I’d Rather Feel Bad Than Not Feel Anything At All

Do you guys like The Pixies? I got this title from lyrics of the song Ain’t That Pretty At All, which is actually a Warren Zevon song, but I am more familiar with The Pixies cover.

There is a point to this, I promise. I want to talk about how having a narcissistic parent can steal some of your ability to feel.

Anyway, I recently discovered Neal Brennan. He co-wrote Half Baked with Dave Chappelle and was his partner on the Chappelle show. He has a show on Netflix called Three Mics. I highly recommend this, especially if you have been affected by malignant narcissism.

He talks candidly about his depression and his father’s narcissism. It wasn’t that I just identified with what he said, I fucking felt it. I felt like he opened a door in my brain and just described the contents he found. I especially identified with him when he discussed shutting down his feelings in order to exist as peacefully as possible with his father and how he lost part of himself by shutting down those feelings.
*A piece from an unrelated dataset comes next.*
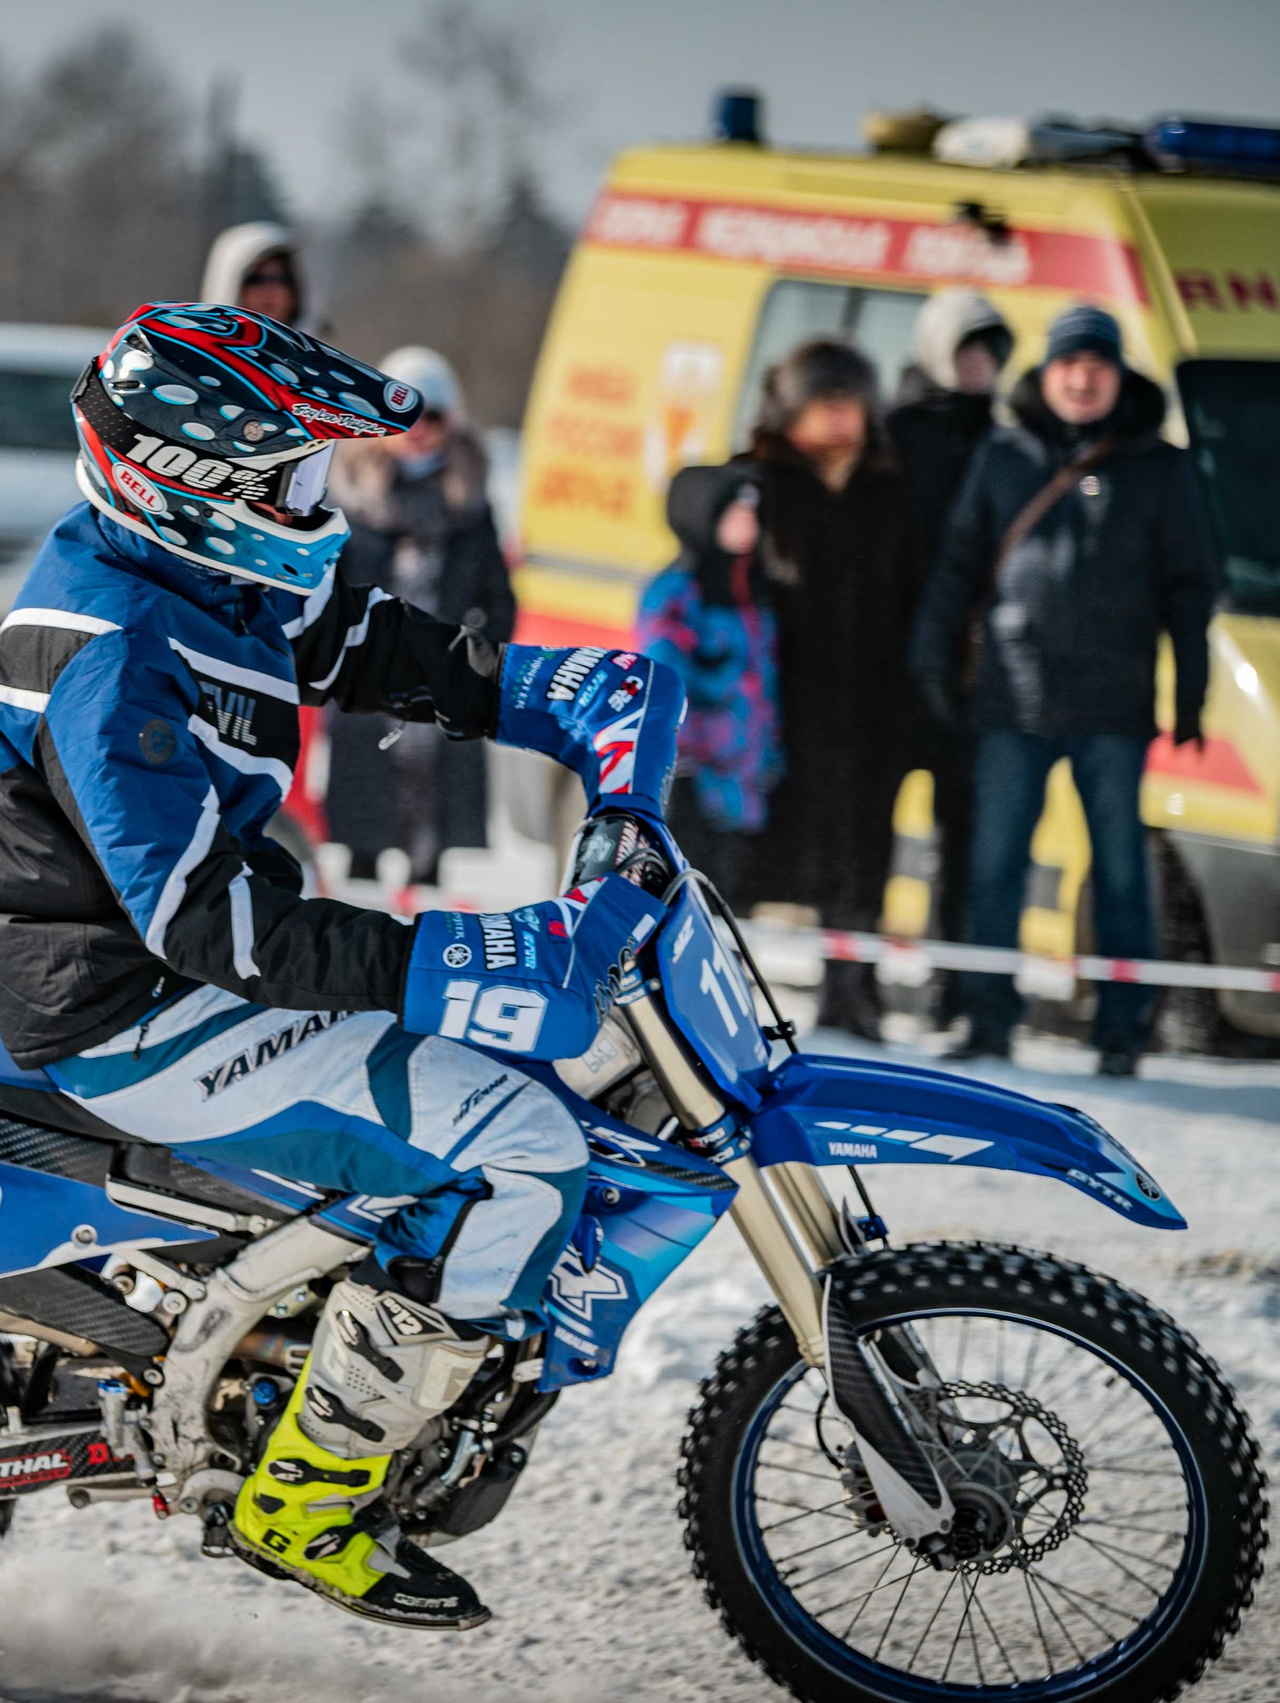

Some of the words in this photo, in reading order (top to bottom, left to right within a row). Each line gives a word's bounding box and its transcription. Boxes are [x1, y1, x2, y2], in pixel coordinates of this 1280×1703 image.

I have written about this subject before and have likened it to having my arms bound to my sides with invisible leather straps. I don’t have a full range of emotions because my emotions have been bound for most of my life. Neal describes this in a more raw and accurate way. He talks about minimizing his feelings as a child as to not draw attention from his narcissistic father. He said his ability to feel his feelings atrophied and eventually he became incapable of feeling all of his feelings. He talks about being able to feel ego and adrenaline and how he lived so long trying to feed either one just to feel something and how eventually he could no longer sustain that path.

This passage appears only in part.